Volkswagen announced on September 13 that it will be ending production of the iconic VW Beetle in 2019, but the company will celebrate the vehicle by adding two new models, Final Edition SE and Final Edition SEL, that give the auto a whole new look.
Volkswagen announced that it will end production of the Beetle in 2019, finishing with the last ever models to the carry the name, the Final Edition SE and Final Edition SEL.
In a VIN deciphering document noticed by Autoguide, Volkswagen confirmed the 2019 Beetle will offered in four different trim levels. The result was a crescent-shaped vehicle called the "New Beetle", launched in 1998, which offered playful touches such as a built-in flower vase.
Volkswagen plans to produce a special "Final Edition" celebration Beetle series in the car's sole factory in Mexico.
After selling it on and off in the United States for almost seven decades, Volkswagen has made a decision to squash its iconic Beetle.
Design work on what would be the Beetle began in the 1930s after Hitler had ordered that a Volks Wagen (German for people's car) be built that was affordable for all Germans.

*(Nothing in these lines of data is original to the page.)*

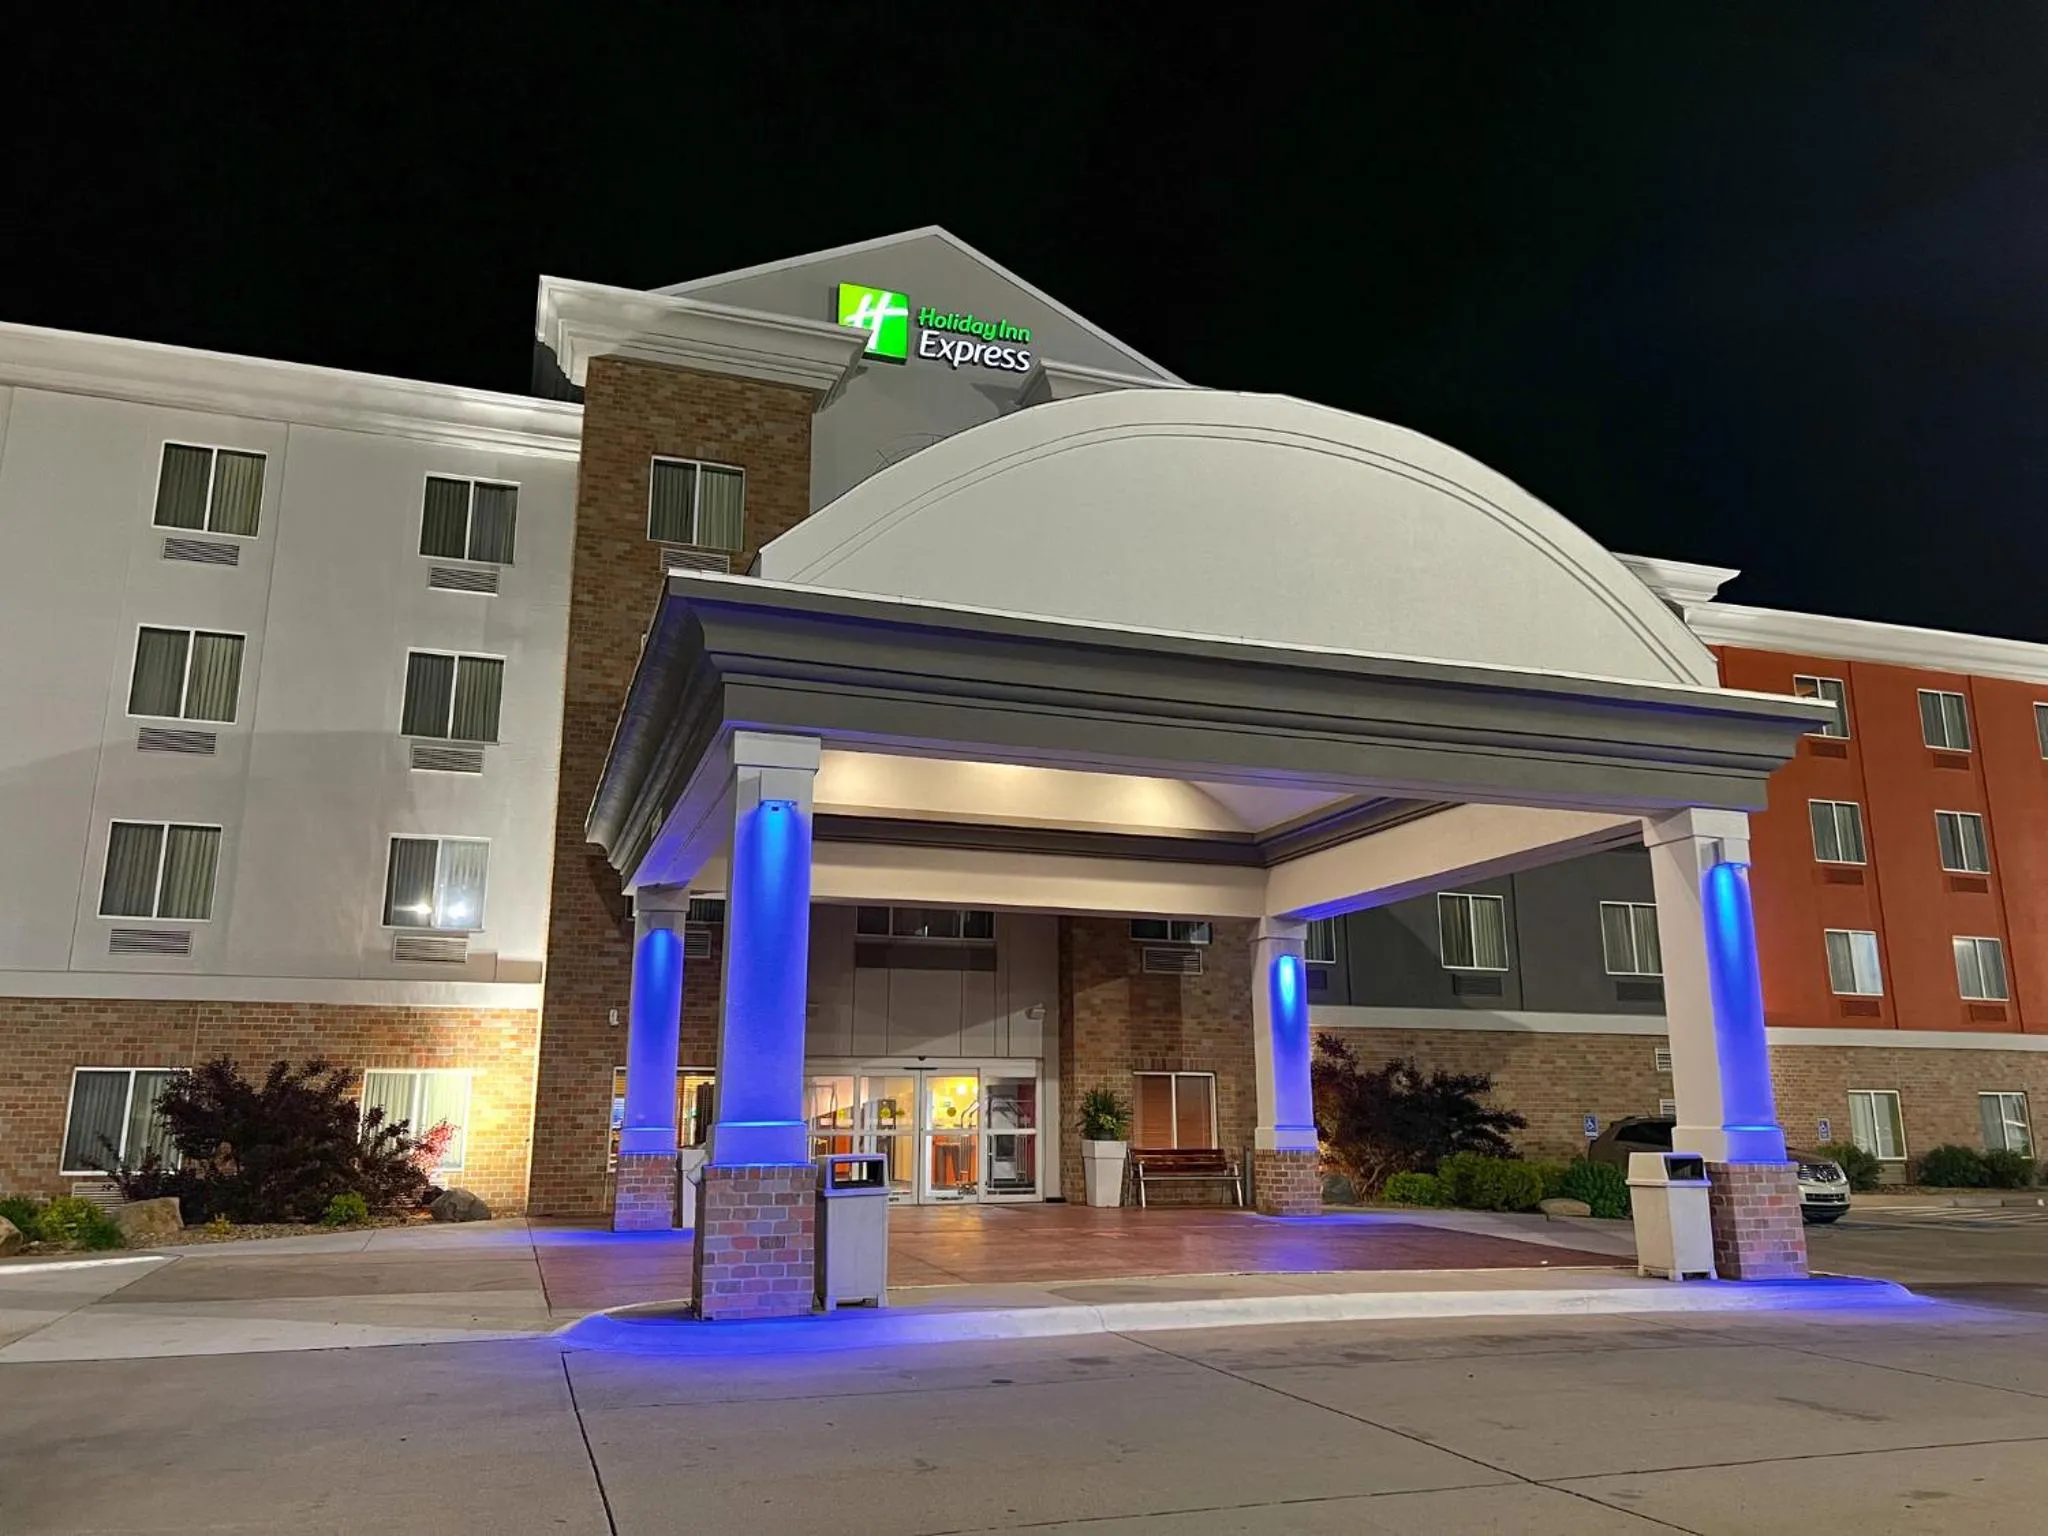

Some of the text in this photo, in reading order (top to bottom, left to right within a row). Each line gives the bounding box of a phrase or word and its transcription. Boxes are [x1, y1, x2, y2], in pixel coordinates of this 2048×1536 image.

[918, 306, 1031, 342] Holiday Inn
[919, 330, 1031, 371] Express
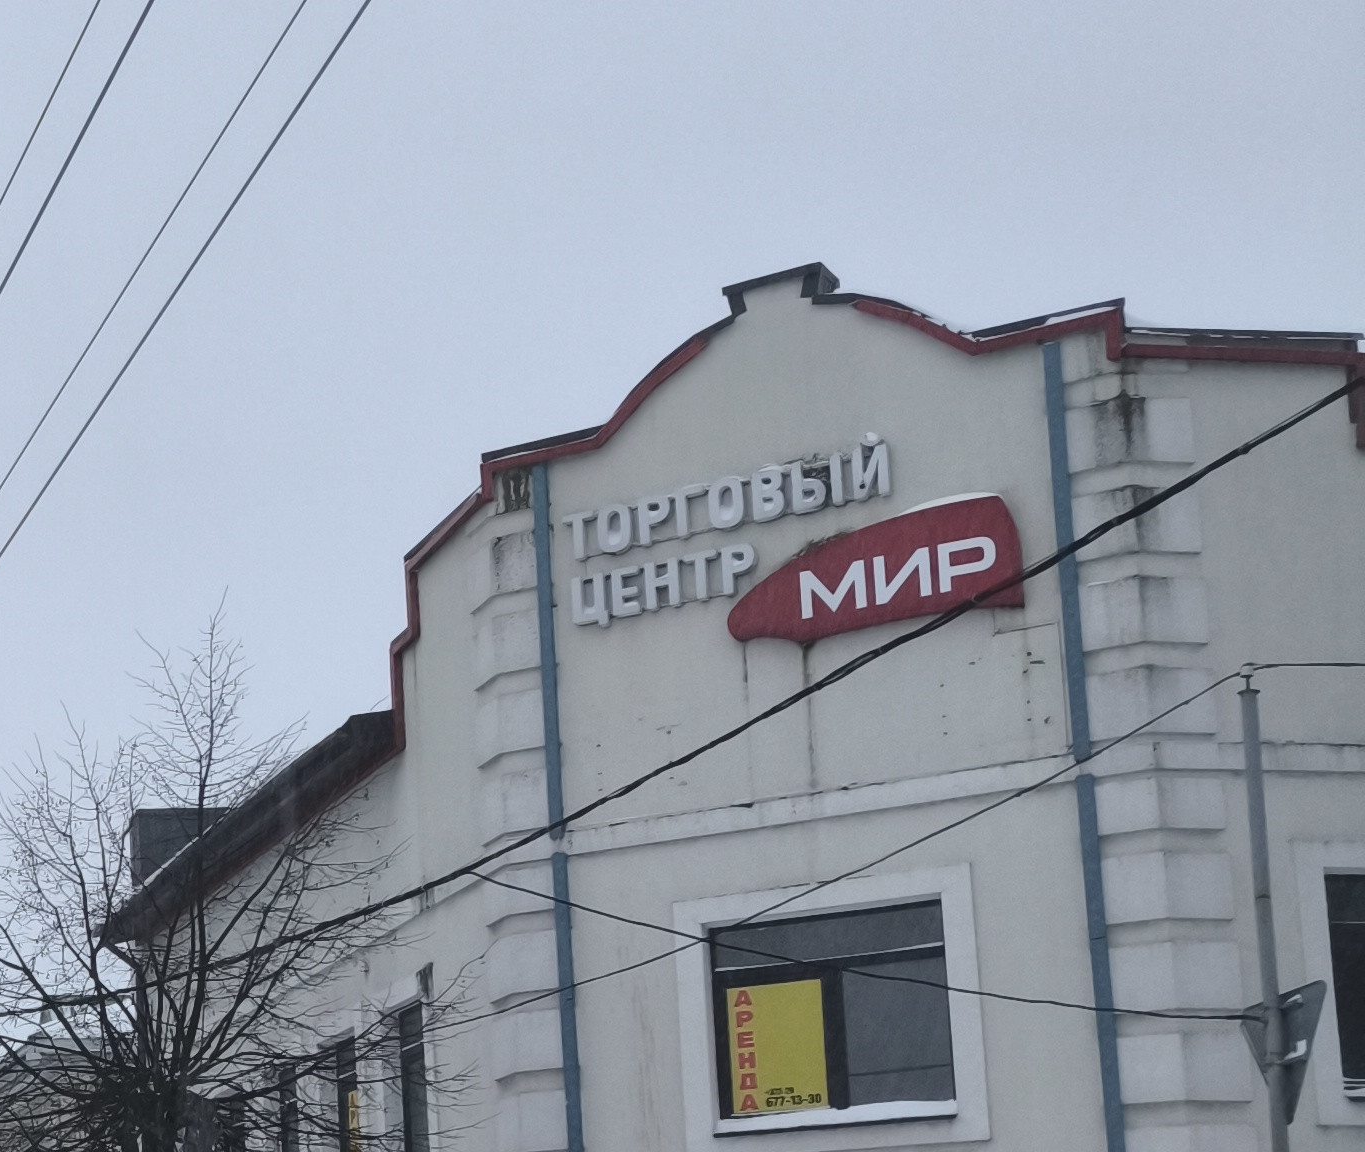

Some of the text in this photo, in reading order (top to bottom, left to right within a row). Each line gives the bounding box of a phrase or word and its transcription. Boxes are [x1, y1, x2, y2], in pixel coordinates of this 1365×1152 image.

[563, 432, 892, 561] ТОРГОВЫЙ
[571, 544, 755, 627] ЦЕНТР
[799, 536, 996, 620] МИР
[734, 990, 759, 1112] АРЕНДА

1953: on July 3, the 500,000th Beetle is produced and VW opens a plant in Brazil. Additionally, VW will cover its bases with the recently announced T-Roc Cabriolet, which will serve as a Beetle Cabriolet replacement in some markets. But the U.S. market is very different and a number of models discontinued elsewhere continue to sell in big numbers in parts of North America.
VW's new special editions, which come in coupe and convertible body styles, get unique beige and blue colors in addition to the normal hues.
Volkswagen says it's focusing on larger family cars and electric vehicles.
But Mr Woebcken didn't completely rule out that the model could one day be resurrected: "Never say never".
Its fame was solidified with Walt Disney's 1968 film "The Love Bug", which features a anthropomorphic Beetle named Herbie that makes a splash on the California racing circuit.